What the task asks:
The entries that follow need to be retyped verbatim.

Dataset excerpts:
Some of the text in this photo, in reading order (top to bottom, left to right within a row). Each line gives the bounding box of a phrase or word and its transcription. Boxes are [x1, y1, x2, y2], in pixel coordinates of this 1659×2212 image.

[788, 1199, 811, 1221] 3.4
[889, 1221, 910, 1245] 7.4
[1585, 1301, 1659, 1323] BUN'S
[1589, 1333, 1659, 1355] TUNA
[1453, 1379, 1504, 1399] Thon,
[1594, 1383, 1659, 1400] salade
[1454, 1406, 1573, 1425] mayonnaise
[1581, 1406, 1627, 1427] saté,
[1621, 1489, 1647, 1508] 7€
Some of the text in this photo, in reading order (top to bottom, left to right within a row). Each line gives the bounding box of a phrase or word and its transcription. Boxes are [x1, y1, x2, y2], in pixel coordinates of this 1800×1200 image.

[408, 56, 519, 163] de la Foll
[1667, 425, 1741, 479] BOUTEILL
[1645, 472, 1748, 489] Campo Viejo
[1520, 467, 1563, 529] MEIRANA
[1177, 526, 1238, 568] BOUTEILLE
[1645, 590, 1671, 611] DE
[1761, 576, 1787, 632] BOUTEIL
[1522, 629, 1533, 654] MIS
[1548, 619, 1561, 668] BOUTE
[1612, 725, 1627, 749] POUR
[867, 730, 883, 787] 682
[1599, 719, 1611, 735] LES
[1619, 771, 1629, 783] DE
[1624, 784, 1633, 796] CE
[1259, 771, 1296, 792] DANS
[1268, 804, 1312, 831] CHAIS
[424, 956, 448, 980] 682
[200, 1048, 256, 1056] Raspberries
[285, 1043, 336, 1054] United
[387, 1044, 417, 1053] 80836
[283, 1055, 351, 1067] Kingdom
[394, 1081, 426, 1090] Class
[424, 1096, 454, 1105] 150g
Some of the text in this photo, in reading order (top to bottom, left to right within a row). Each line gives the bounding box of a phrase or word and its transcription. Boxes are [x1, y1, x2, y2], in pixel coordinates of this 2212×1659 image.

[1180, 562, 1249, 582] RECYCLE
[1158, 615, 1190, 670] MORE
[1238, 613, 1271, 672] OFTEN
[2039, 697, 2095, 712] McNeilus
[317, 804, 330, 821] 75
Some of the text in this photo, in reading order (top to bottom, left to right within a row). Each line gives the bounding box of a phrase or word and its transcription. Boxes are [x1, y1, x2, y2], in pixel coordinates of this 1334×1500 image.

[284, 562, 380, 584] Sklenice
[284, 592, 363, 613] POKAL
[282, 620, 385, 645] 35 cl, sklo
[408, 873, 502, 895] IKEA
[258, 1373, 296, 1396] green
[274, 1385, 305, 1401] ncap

Task response:
Some of the text in this photo, in reading order (top to bottom, left to right within a row). Each line gives the bounding box of a phrase or word and its transcription. Boxes are [x1, y1, x2, y2], in pixel coordinates of this 1659×2212 image.

[788, 1199, 811, 1221] 3.4
[889, 1221, 910, 1245] 7.4
[1585, 1301, 1659, 1323] BUN'S
[1589, 1333, 1659, 1355] TUNA
[1453, 1379, 1504, 1399] Thon,
[1594, 1383, 1659, 1400] salade
[1454, 1406, 1573, 1425] mayonnaise
[1581, 1406, 1627, 1427] saté,
[1621, 1489, 1647, 1508] 7€
Some of the text in this photo, in reading order (top to bottom, left to right within a row). Each line gives the bounding box of a phrase or word and its transcription. Boxes are [x1, y1, x2, y2], in pixel coordinates of this 1800×1200 image.

[408, 56, 519, 163] de la Foll
[1667, 425, 1741, 479] BOUTEILL
[1645, 472, 1748, 489] Campo Viejo
[1520, 467, 1563, 529] MEIRANA
[1177, 526, 1238, 568] BOUTEILLE
[1645, 590, 1671, 611] DE
[1761, 576, 1787, 632] BOUTEIL
[1522, 629, 1533, 654] MIS
[1548, 619, 1561, 668] BOUTE
[1612, 725, 1627, 749] POUR
[867, 730, 883, 787] 682
[1599, 719, 1611, 735] LES
[1619, 771, 1629, 783] DE
[1624, 784, 1633, 796] CE
[1259, 771, 1296, 792] DANS
[1268, 804, 1312, 831] CHAIS
[424, 956, 448, 980] 682
[200, 1048, 256, 1056] Raspberries
[285, 1043, 336, 1054] United
[387, 1044, 417, 1053] 80836
[283, 1055, 351, 1067] Kingdom
[394, 1081, 426, 1090] Class
[424, 1096, 454, 1105] 150g
Some of the text in this photo, in reading order (top to bottom, left to right within a row). Each line gives the bounding box of a phrase or word and its transcription. Boxes are [x1, y1, x2, y2], in pixel coordinates of this 2212×1659 image.

[1180, 562, 1249, 582] RECYCLE
[1158, 615, 1190, 670] MORE
[1238, 613, 1271, 672] OFTEN
[2039, 697, 2095, 712] McNeilus
[317, 804, 330, 821] 75
Some of the text in this photo, in reading order (top to bottom, left to right within a row). Each line gives the bounding box of a phrase or word and its transcription. Boxes are [x1, y1, x2, y2], in pixel coordinates of this 1334×1500 image.

[284, 562, 380, 584] Sklenice
[284, 592, 363, 613] POKAL
[282, 620, 385, 645] 35 cl, sklo
[408, 873, 502, 895] IKEA
[258, 1373, 296, 1396] green
[274, 1385, 305, 1401] ncap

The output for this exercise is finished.